一日一曲(1585)ファランク、ルイーズ:アリステッド・ファランクの主題による変奏曲
本日は、没後150年(1875年9月15日没)を迎えらえたフランスの作曲家兼ピアニスト、ルイーズ・ファランクさんの曲をご紹介します。
ファランクさんは旧姓はジャンヌ・ルイーズ・デュモン(Jeanne Louise Dumont)といい、1804年3月に両親ともにフランドル系美術家(彫刻家)の家庭に生まれました。幼少からピアノに親しみ、15歳のときパリ音楽院に進学、ピアノや音楽理論、作曲などを学びました。1821年にフルート奏者で楽譜出版業のアリスティド・ファランクと出会って結婚。1826年に一人娘のヴィクトリーヌを出産。彼女もまた母親同様に職業ピアニストの道を歩むこととなりました。1834年より最初の管弦楽曲を発表する。最初に成功した出版作品は《ロシアの歌による変奏曲 Air russe varié》作品17であり、これはロベルト・シューマンによって絶賛された。その後もさまざまな成功を重ね、いくつかの交響曲や室内楽曲によって楽壇で名を揚げることができました。1842年にパリ音楽院ピアノ科の教授に就任しました。さしあたって補助職員並みの俸給しか得られなかったために、8年もの間、男性教授並みの給与を求めて闘い続けました。1849年に《交響曲 第3番》作品36がパリ音楽院管弦楽団によって上演されると、最大の成功を収めた。1850年には、《九重奏曲》作品38がヨーゼフ・ヨアヒムの出演を得て成功を収めました。それでも給与は内務省の規定よりも低く、同僚の男性教師はもとより、後から入った教師よりも低かったことから、校長のオベールに不当を訴え続け、1852年にやっと規定額に昇給しました。1859年に娘ヴィクトリーヌが結核のために33歳の若さで夭折、1865年には夫にも先立たれてしまいました。娘と夫に先立たれてからはほとんど作曲しなくなりましたが、1872年までパリ音楽院の教壇に立ち、後進の指導にあたられました。1861年と1869年に管弦楽曲に対してフランス学士院よりシャルティエ賞を授与されています。1875年9月にパリで71歳で亡くなられました。死後、残念なことにファランクさんの作品は忘れ去られてしまいました。が、今日は歳氷河が少しずつ進んできています。

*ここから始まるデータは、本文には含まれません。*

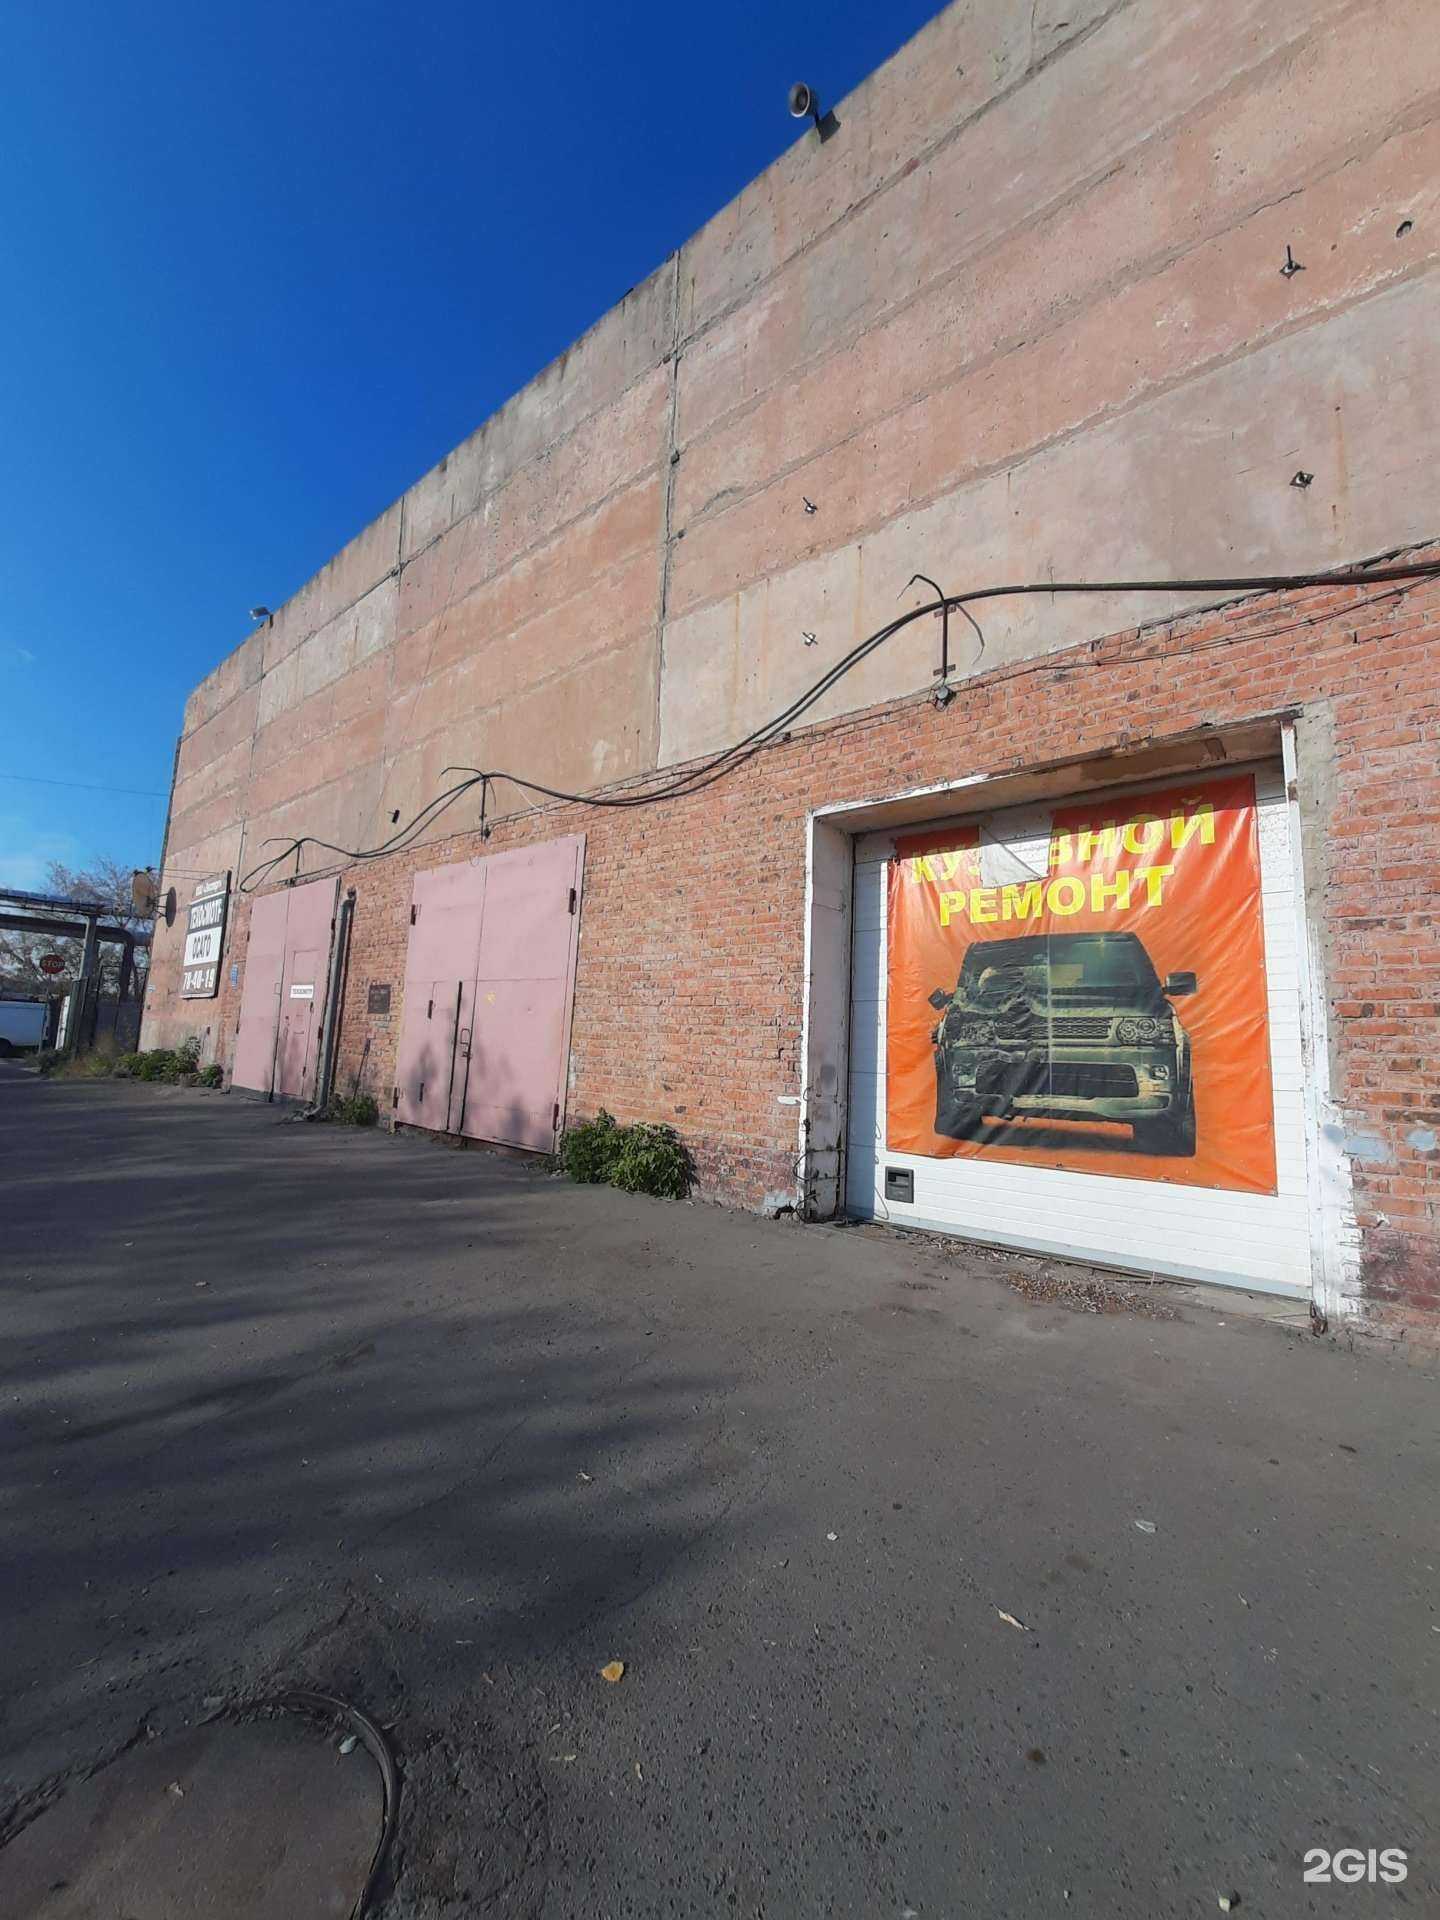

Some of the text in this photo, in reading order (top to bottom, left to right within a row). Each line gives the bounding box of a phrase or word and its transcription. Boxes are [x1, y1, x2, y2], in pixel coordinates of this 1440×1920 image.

[939, 864, 1175, 927] РЕМОНТ
[192, 933, 211, 959] ОСАГО
[41, 959, 65, 970] STOP

本日の曲は、ピアノ曲「アリステッド・ファランクの主題による変奏曲」です。夫が作った主題を妻が変奏曲に仕立て上げた、という形になっています。1822年に出版された曲とのことですから、新婚の時、17~8歳の時に創られたことになります。一人娘さんより先に曲が生まれた、ということになりました。本日は二人の愛の結晶の本曲をどうぞ!
NML(ナクソス・ミュージック・ライブラリ)より(NML会員以外の方でも無料で試聴できます)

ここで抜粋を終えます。